## [PROVIDED RECORDS]
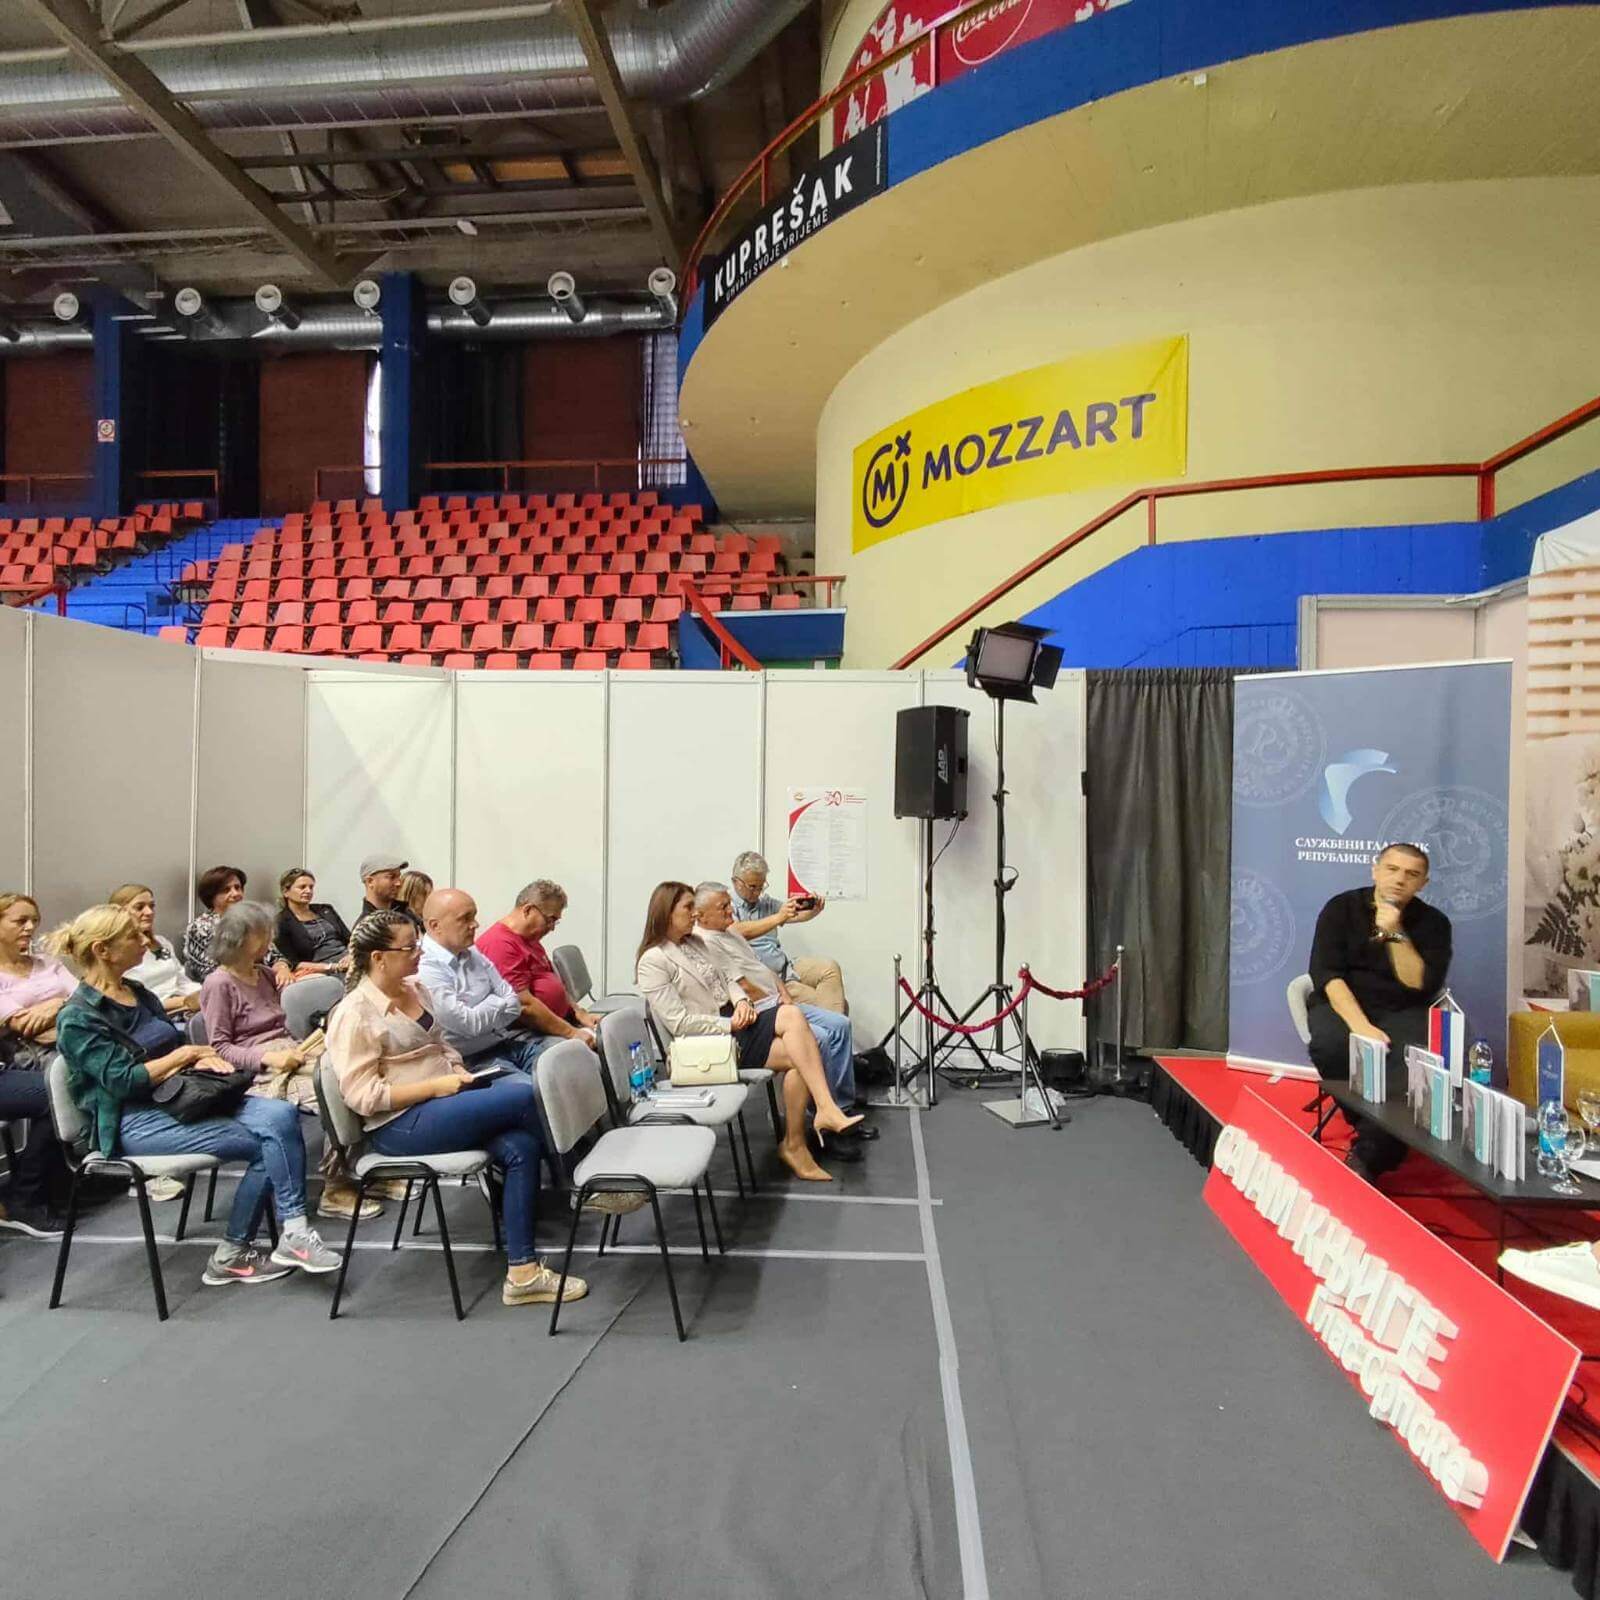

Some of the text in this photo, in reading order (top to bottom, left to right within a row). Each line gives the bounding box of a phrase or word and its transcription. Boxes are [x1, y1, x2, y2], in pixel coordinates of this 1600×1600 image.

[714, 155, 853, 303] KUPREŠAK
[752, 243, 781, 276] SVOJE
[782, 207, 830, 251] VRIJEME
[921, 392, 1157, 490] MOZZART
[1295, 837, 1430, 853] СЛУЖБЕНИ ГЛАК
[1297, 850, 1370, 865] РЕПУБЛИКЕ
[1214, 1124, 1313, 1240] САЈАМ
[1292, 1202, 1459, 1392] КЊИГЕ
[1358, 1346, 1489, 1510] Српске

## [WHAT YOU ARE ASKED TO DO]
Pictures aside, restate the entries word for word.

## [YOUR SOLUTION]
Some of the text in this photo, in reading order (top to bottom, left to right within a row). Each line gives the bounding box of a phrase or word and its transcription. Boxes are [x1, y1, x2, y2], in pixel coordinates of this 1600×1600 image.

[714, 155, 853, 303] KUPREŠAK
[752, 243, 781, 276] SVOJE
[782, 207, 830, 251] VRIJEME
[921, 392, 1157, 490] MOZZART
[1295, 837, 1430, 853] СЛУЖБЕНИ ГЛАК
[1297, 850, 1370, 865] РЕПУБЛИКЕ
[1214, 1124, 1313, 1240] САЈАМ
[1292, 1202, 1459, 1392] КЊИГЕ
[1358, 1346, 1489, 1510] Српске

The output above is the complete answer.